A weathered upright piano sits in one classroom. Chairs and cabinets lay tumbled, helter-skelter inside others. Ceiling fixtures hang, their wiring long pulled out and taken. Massive holes in interior walls reveal where pipes once trailed throughout the building.

Vacant Detroit schools, like the city’s more than 33,000 empty houses, are treasure troves for thieves seeking metal piping and copper wire to illegally sell as scrap. To get to the booty, plywood boards and bolted metal grates are ripped away; interior tiled and brick walls smashed with sledgehammers.

Now, a drastic plan to shutter a quarter of Detroit’s public schools in June will add 45 more empty buildings to the dozens of district-owned properties dominating already blight-ravaged neighborhoods.

Owen is just one of many easily accessible to vandals and criminals, targets for arson and a danger to passing children.

“They took the windows, the aluminum around the windows,” said Bertha Sieg, who has lived across from Owen since the mid-1960s. “They damaged it bad. There is a big hole in the roof.”

Owen is on a list of the district’s 14 most derelict schools. Emergency financial manager Robert Bobb said in December that demolition on some would start in January, but they are still standing, an Associated Press review found.

Detroit police have investigated arson and copper theft complaints at two of the closed schools, according to reports prompted by a Freedom of Information Act request.

“We have to secure these buildings,” Bobb said this week in announcing the next wave of school closures coming in June, and another 13 by June 2012 as the district tries to save money and address dwindling enrollment.

Demolition bids on six of the 14 “worst of the worst” schools were expected to be submitted Thursday. Bids on the largest — the 7-story, 830,000-square-foot old Cass Tech High School — are to be submitted next month, Bobb said.

Bond money will be used to pay for the demolitions.

But the longer the schools stand empty, the greater a threat and more of an eyesore they are to the community.

It hadn’t always been that way around Owen. When houses still lined 14th and 15th streets, there were enough children to keep the school open. Sieg’s wood frame home is one of only a few still standing.

“All of my nine kids, and five grandkids attended Owen,” she said. “There really are no kids in the neighborhood, now. It’s like a cemetery. This neighborhood is dead.”

Across town sits the 82,000-square-foot former Frederick Douglass Academy. It’s not on the list of 14, but like Owen it’s a wreck. Metal grates designed to keep trespassers out have been ripped away.

“They actually used pickup trucks and chained them up to our stuff and pulled the wall out,” said Tim McMahon, director of U.S. operations for Chicago-based Vacant Property Security, Inc.

Smashed furniture shares floor space with empty liquor bottles in the school’s corridors. One red and white, size 13 basketball shoe sits in a hallway; its mate in an adjacent office. A crescent-shaped, deflated basketball rests near the library.

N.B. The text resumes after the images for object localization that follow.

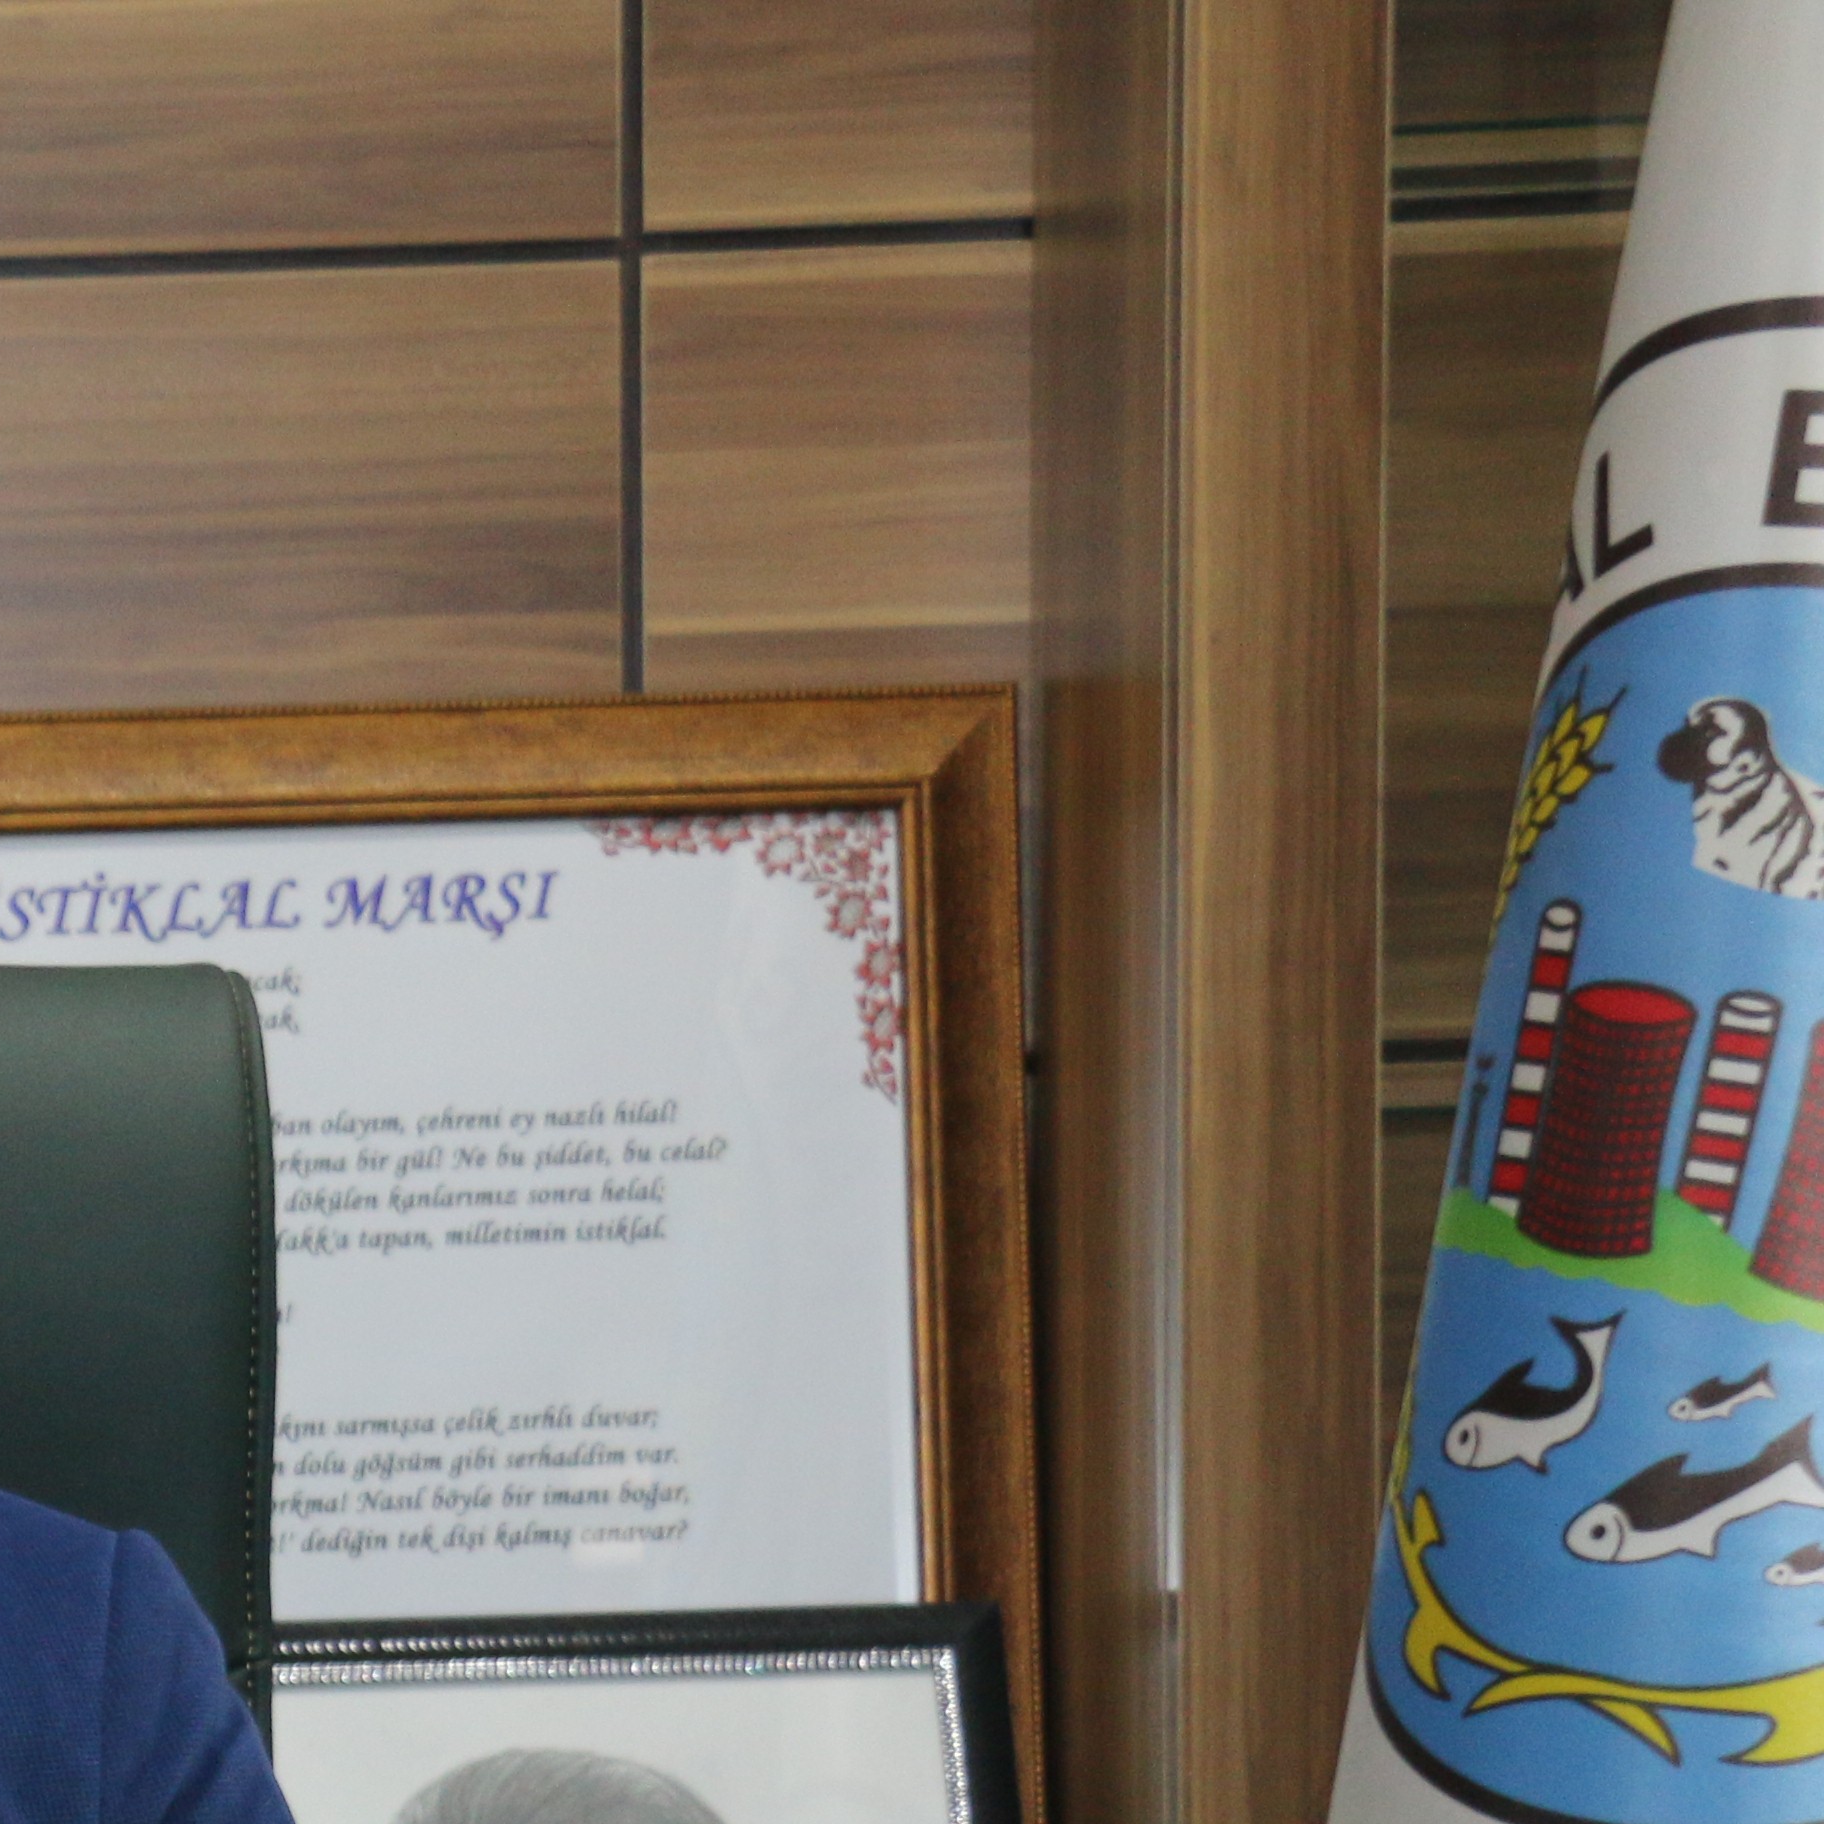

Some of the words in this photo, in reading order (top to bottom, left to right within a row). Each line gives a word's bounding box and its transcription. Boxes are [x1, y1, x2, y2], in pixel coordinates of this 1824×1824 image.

[324, 869, 559, 941] MARŞI
[509, 1112, 535, 1137] ey
[355, 1147, 389, 1172] bir
[453, 1147, 488, 1170] Ne
[496, 1142, 525, 1168] bu
[622, 1138, 651, 1164] bu
[527, 1186, 592, 1206] sonra
[293, 1450, 347, 1477] dolu
[501, 1481, 536, 1508] bir

Six feet of standing water had been sitting in an easily accessible basement boiler room.

“It’s a liability issue, trying to keep people out of it and protect the asset so it can be resold,” McMahon said. “Every possible opening that anyone can think of we’re securing.

“You’ve got nooks and crannies where they can work all night on one screen. What we find is they’ll chop a hole in the roof and get in that way.”

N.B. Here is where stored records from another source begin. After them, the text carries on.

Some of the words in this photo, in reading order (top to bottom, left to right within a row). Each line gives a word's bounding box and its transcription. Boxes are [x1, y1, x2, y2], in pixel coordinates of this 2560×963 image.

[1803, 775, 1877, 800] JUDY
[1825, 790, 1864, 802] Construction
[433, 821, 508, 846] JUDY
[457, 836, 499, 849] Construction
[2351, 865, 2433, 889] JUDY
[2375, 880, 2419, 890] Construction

Detroit police report only two arrests at schools on the demolition list. Bobb said district police, which is a separate entity, have arrested 30 to 40 people — including two from Canada — caught trespassing or stealing from closed schools.

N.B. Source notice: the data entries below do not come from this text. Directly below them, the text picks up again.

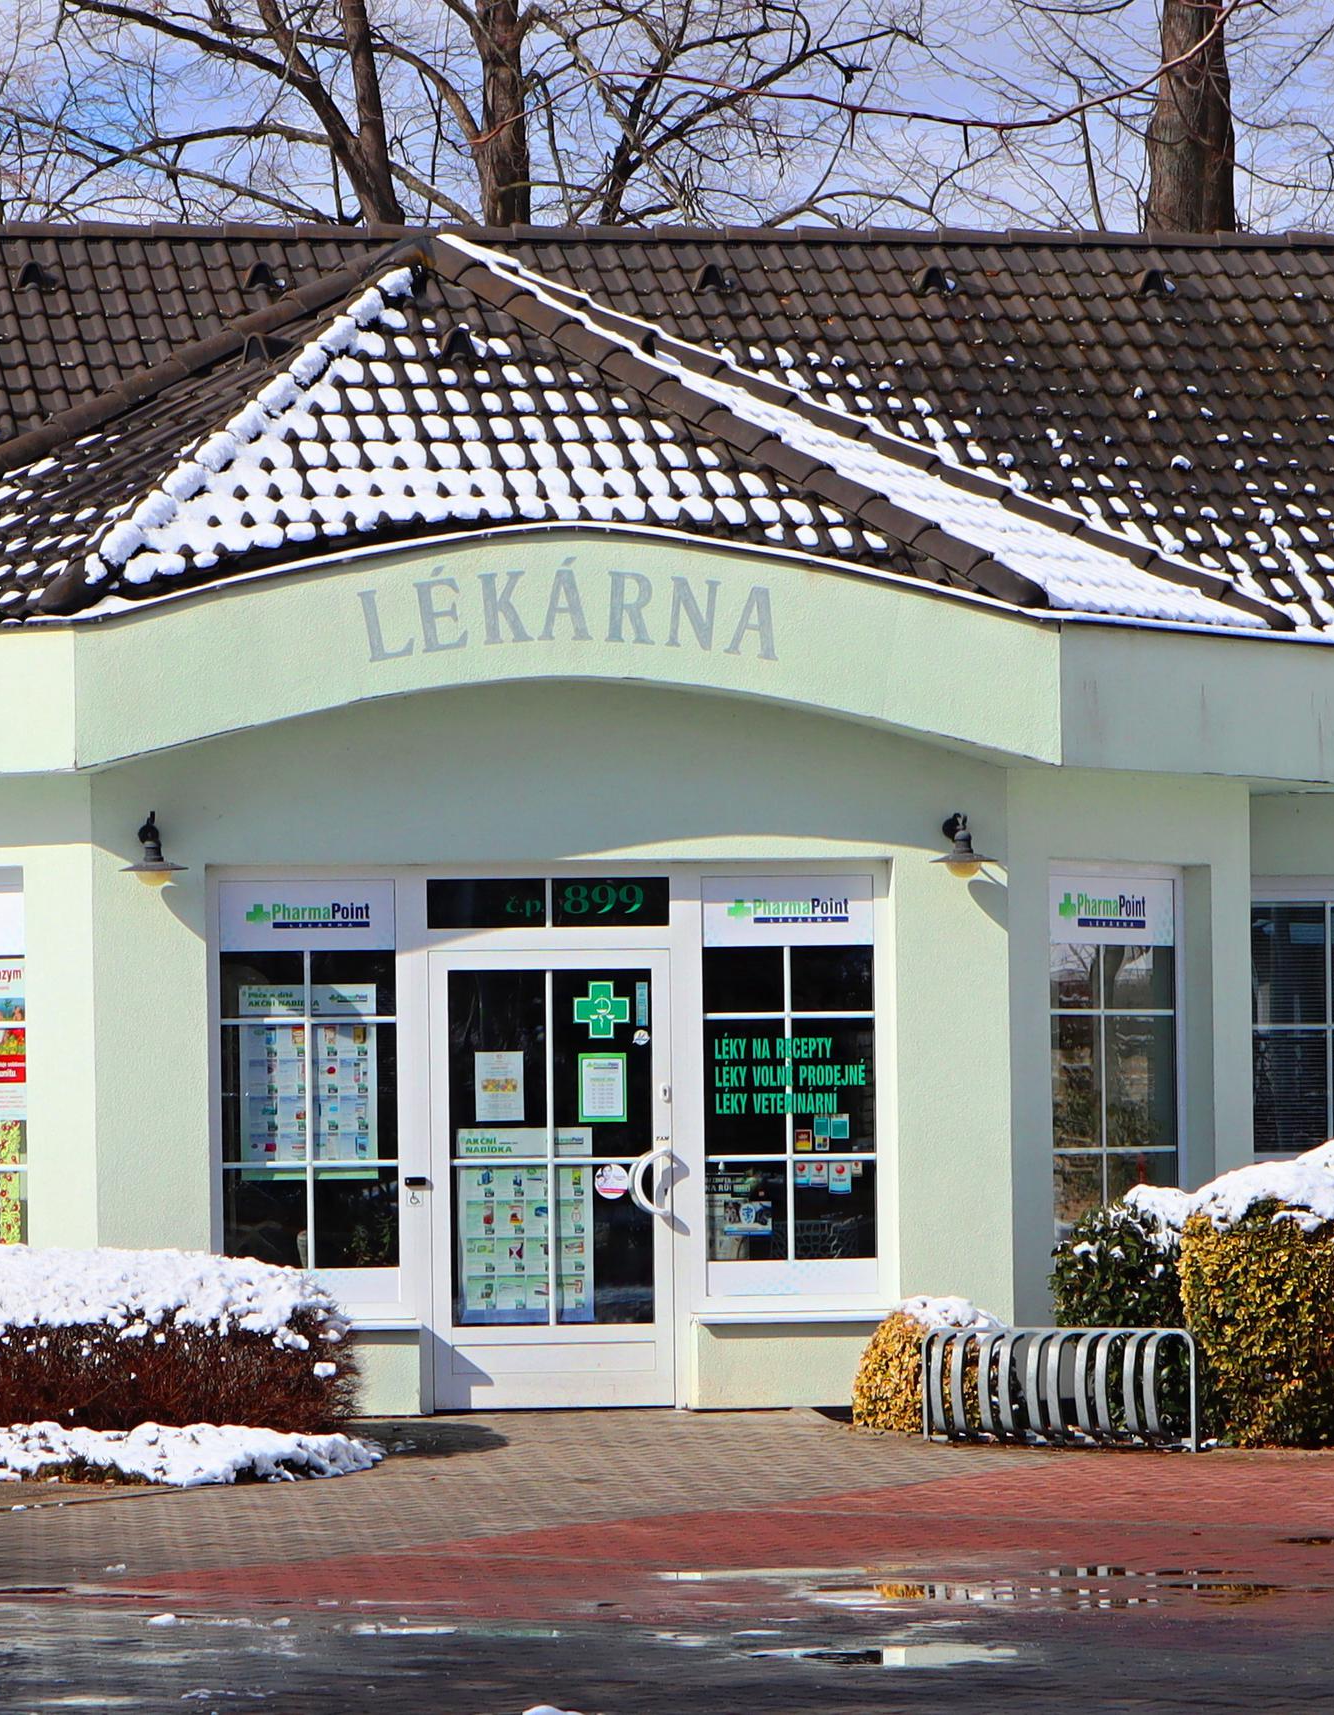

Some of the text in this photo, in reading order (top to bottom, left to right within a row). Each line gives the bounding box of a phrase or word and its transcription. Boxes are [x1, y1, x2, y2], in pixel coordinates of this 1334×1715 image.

[357, 556, 779, 663] LÉKÁRNA
[272, 902, 370, 920] PharmaPoint
[563, 884, 644, 914] 899
[753, 898, 849, 915] PharmaPoint
[1077, 893, 1146, 917] PharmaPoint
[714, 1032, 832, 1060] LÉKY NA RECEPTY
[715, 1061, 747, 1087] LÉKY
[799, 1058, 866, 1086] PRODEJNÉ
[715, 1087, 838, 1115] LÉKY VETERINÁRNÍ
[465, 1136, 497, 1145] AKČNÍ
[465, 1145, 513, 1153] NABÍDKA

“It’s criminal when you have a couple of people from Canada coming into Detroit to steal copper,” Bobb said.

But metal thieves targeting schools are aggressive and highly organized, McMahon said.

They’re also bold, work in groups and even take things out during daylight hours, said Sieg, who believes Bobb’s decision to close additional schools will give thieves just that much more to steal.

“They are going to strip them down. They are going to look like this one here,” she said of Owen. “Mr. Bobb, let him go around and see these schools they’ve abandoned.”